__YOUR GOAL__
Starting at the line below that contains "Some of the text", print each line through the end of the records exactly as it appears.

Saved data entries:
....

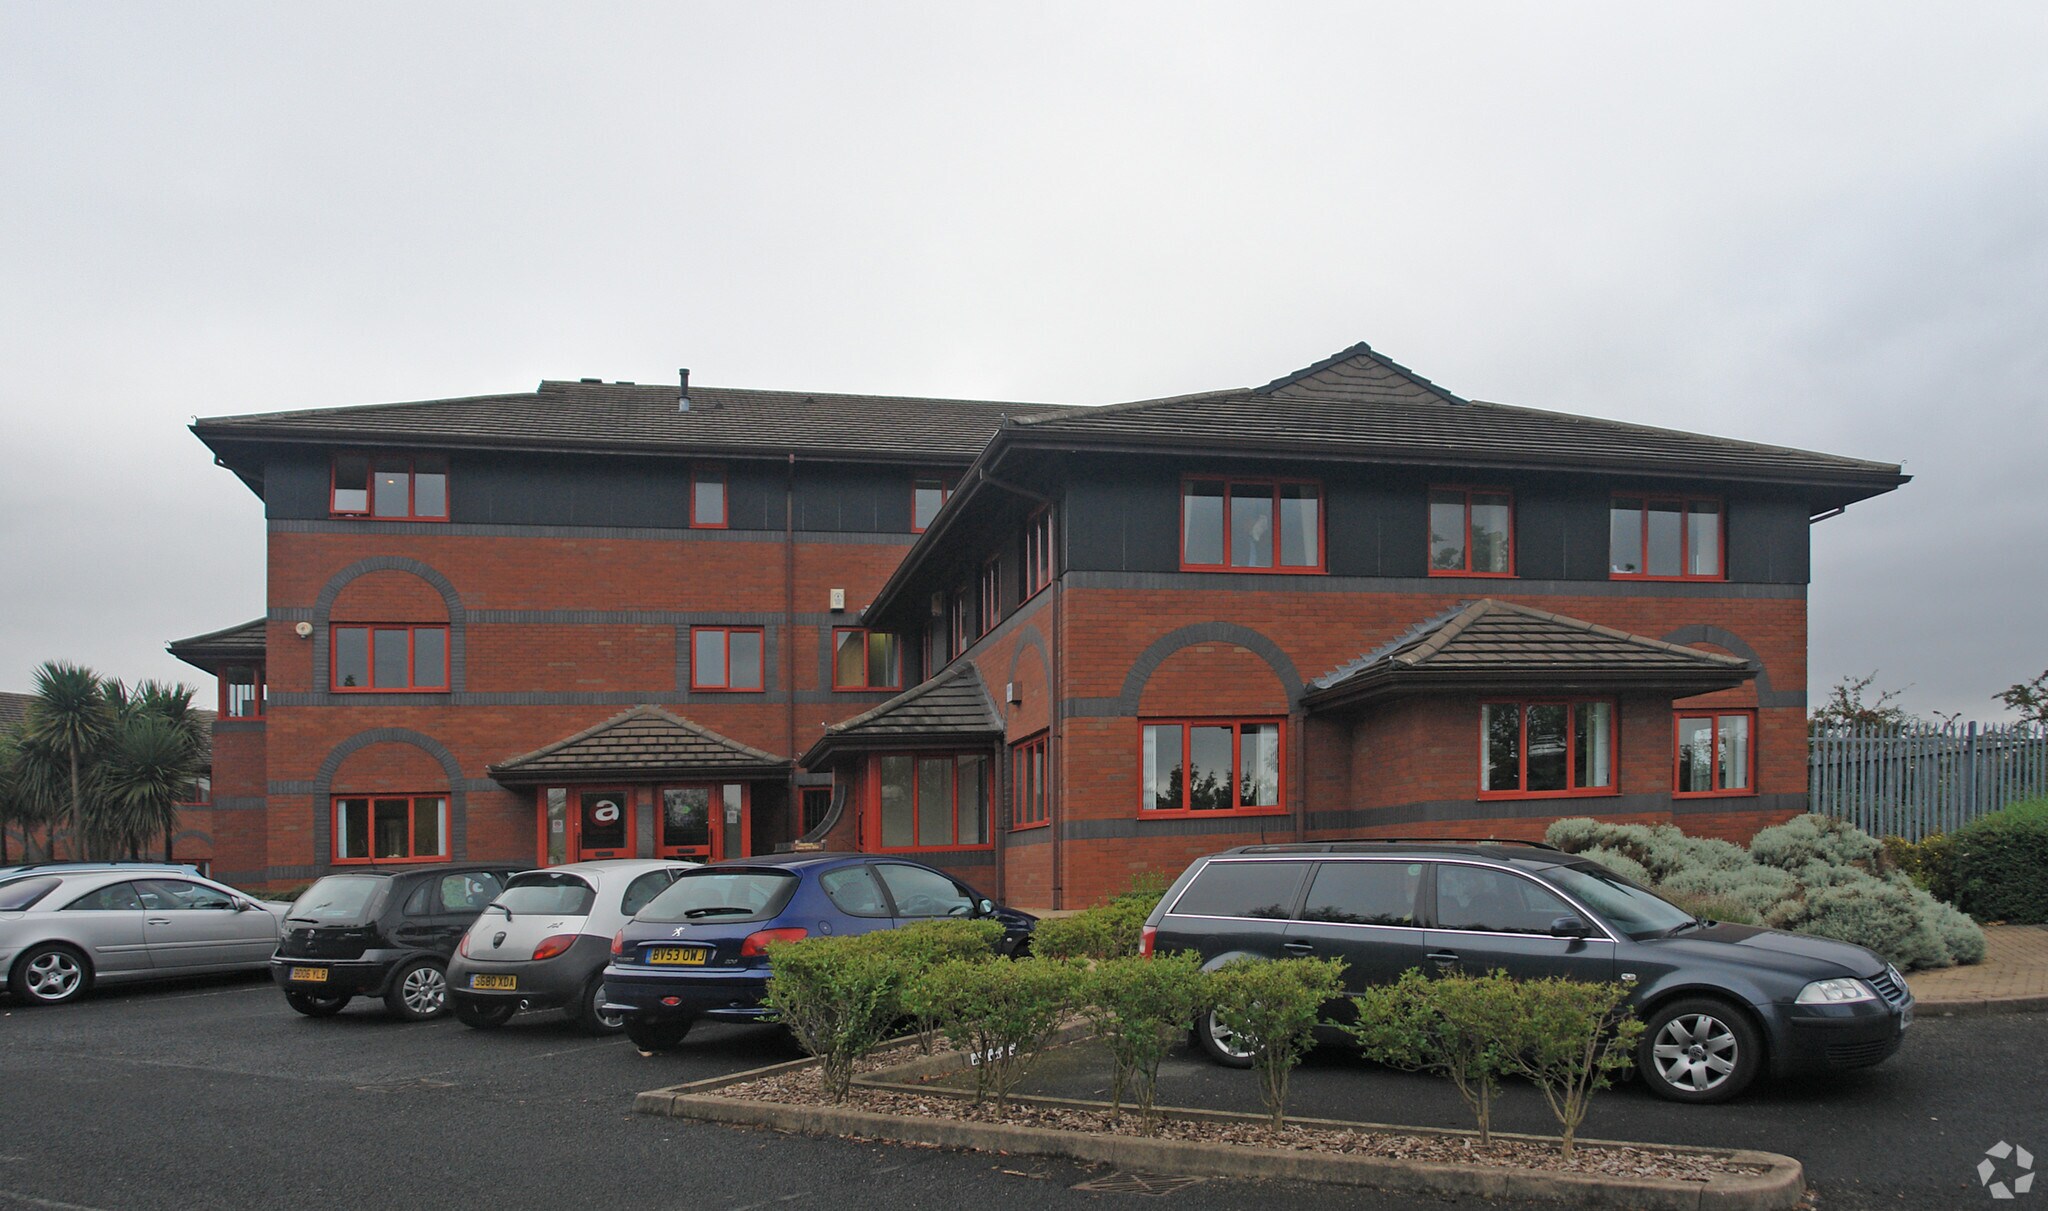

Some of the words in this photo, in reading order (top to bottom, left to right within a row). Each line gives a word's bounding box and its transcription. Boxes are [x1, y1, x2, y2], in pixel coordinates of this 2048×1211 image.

[595, 800, 619, 821] a
[652, 948, 680, 961] BV53
[682, 948, 706, 961] OWJ
[497, 976, 515, 988] XDA
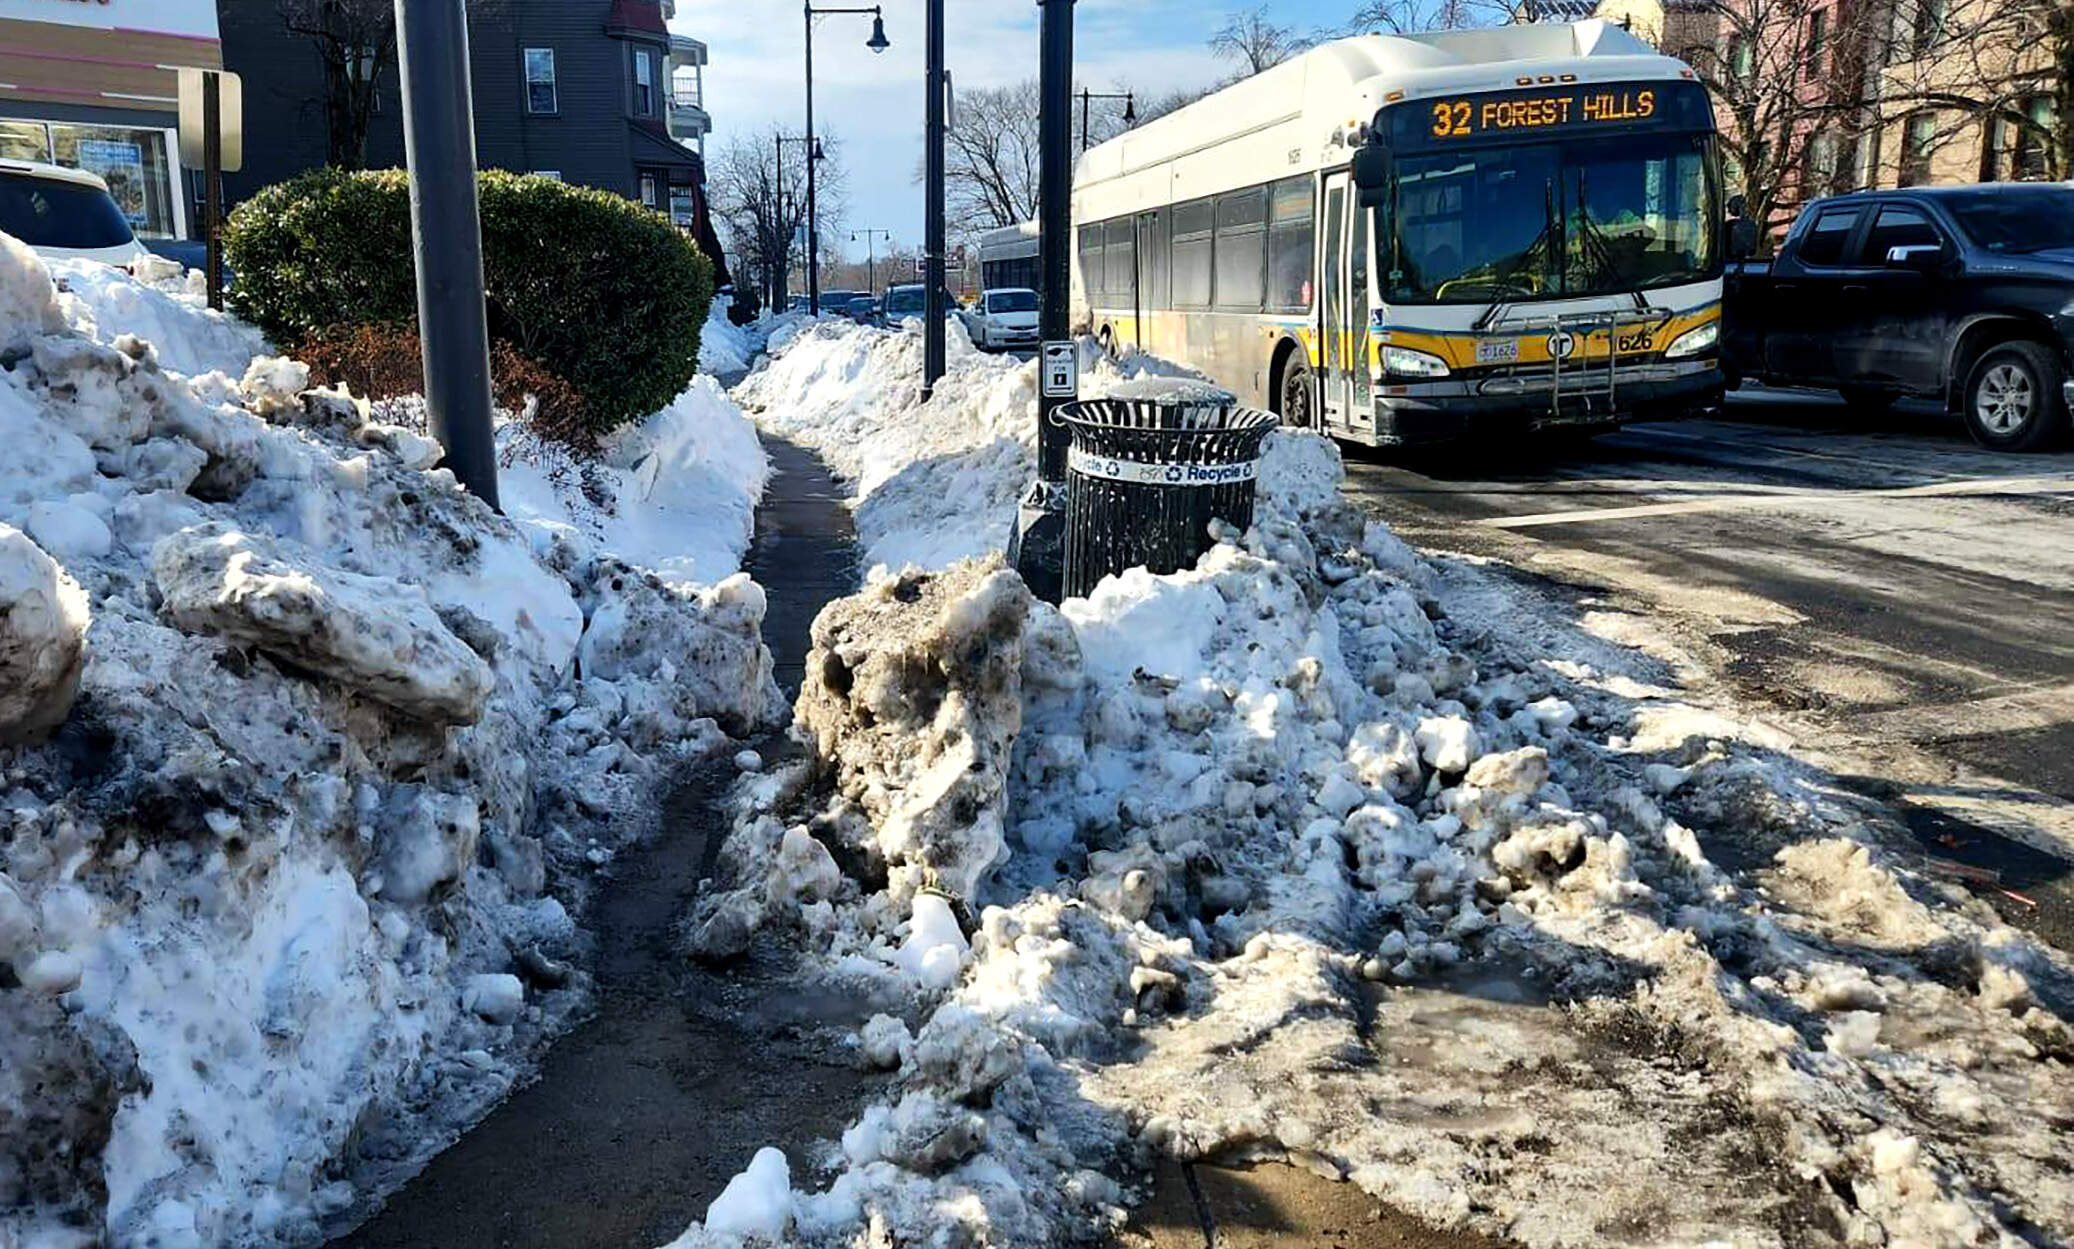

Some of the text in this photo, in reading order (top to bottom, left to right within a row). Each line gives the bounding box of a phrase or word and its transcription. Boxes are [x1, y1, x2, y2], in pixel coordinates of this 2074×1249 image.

[1432, 90, 1655, 136] 32 FOREST HILLS
[1187, 464, 1241, 483] Recycle

....

__RESULT BELOW__
Some of the text in this photo, in reading order (top to bottom, left to right within a row). Each line gives the bounding box of a phrase or word and its transcription. Boxes are [x1, y1, x2, y2], in pixel coordinates of this 2074×1249 image.

[1432, 90, 1655, 136] 32 FOREST HILLS
[1187, 464, 1241, 483] Recycle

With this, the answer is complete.